Effects of low oxygen and high carbon dioxide concentrations on modified atmosphere-related disorder of Fuju persimmon fruit
Y.-J. Lee, Y.-M. Lee, O.-C. Kwon, Y.-S. Cho, Y.-M. Park, T.-C. Kim
ISHS Acta Horticulturae 601:171-176.
2003
บทคัดย่อ
'Fuyu' persimmon fruits were harvested at commercial maturity and stored for four months under four different controlled atmospheres at 0°C to elucidate a causal factor inducing browning disorders. Atmospheric compositions were; two different low-oxygen (LO) with low carbon dioxide concentrations, high oxygen with high carbon dioxide, and LO and high carbon dioxide combination.
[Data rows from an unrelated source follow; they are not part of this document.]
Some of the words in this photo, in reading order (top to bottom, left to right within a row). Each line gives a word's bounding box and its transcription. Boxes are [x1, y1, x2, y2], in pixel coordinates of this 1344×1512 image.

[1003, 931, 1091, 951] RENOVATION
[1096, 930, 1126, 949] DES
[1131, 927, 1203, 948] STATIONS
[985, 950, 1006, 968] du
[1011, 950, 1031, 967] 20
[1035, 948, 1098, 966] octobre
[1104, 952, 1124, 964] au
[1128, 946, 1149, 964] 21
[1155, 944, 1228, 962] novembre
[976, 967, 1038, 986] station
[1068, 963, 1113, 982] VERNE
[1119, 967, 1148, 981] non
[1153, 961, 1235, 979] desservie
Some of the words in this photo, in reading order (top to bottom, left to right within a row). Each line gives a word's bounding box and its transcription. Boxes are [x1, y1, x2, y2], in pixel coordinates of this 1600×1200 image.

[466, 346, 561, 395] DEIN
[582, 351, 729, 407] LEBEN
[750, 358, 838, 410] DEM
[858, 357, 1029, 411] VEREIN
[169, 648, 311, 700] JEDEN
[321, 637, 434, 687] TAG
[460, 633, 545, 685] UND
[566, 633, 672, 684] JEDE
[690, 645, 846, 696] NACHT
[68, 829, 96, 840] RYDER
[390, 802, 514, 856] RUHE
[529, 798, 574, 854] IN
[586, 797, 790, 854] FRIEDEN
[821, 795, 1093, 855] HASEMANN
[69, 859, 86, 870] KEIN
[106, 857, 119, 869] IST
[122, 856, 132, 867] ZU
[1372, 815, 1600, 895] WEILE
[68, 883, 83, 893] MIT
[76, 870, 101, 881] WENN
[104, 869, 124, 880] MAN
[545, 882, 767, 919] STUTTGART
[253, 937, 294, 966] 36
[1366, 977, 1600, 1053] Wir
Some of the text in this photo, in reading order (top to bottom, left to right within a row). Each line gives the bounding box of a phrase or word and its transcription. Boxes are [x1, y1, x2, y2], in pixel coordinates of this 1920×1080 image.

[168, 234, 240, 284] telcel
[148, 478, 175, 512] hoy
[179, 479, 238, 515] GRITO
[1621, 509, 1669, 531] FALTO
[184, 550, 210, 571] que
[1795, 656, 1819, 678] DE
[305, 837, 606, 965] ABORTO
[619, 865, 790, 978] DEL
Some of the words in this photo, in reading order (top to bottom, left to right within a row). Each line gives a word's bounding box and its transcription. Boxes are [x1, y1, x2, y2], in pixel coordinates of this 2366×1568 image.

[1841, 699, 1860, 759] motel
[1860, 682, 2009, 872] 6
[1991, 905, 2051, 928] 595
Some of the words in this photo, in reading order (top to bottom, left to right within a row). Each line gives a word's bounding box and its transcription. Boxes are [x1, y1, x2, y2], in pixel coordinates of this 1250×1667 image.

Four different types of browning disorder occurred, which could be classified by symptoms and the surface zone affected; typical top flesh browning called 'chocolate symptom' on the top, pitted specks scattered on the surface, flesh blotch browning usually on the equatorial to bottom portion, and pitted blotch browning on the equatorial zone. Top flesh browning was observed in two different LO atmospheres. The incidence was higher when LO was combined with high carbon dioxide than when combined with low carbon dioxide. No top browning occurred in the other LO atmosphere in which oxygen level was maintained slightly higher despite a little higher carbon dioxide combination. The browning symptom was neither observed under high carbon dioxide combined with high oxygen atmospheres. The results suggested that top flesh browning is primarily induced by LO not by high carbon dioxide and that the critical level of oxygen is in the very narrow range. For external development, however, highly elevated carbon dioxide seemed to be a complementary factor. Speculative primary inducing factors for other disorders were; low oxygen for flesh blotch browning, high carbon dioxide for pitted specks and pitted blotch browning.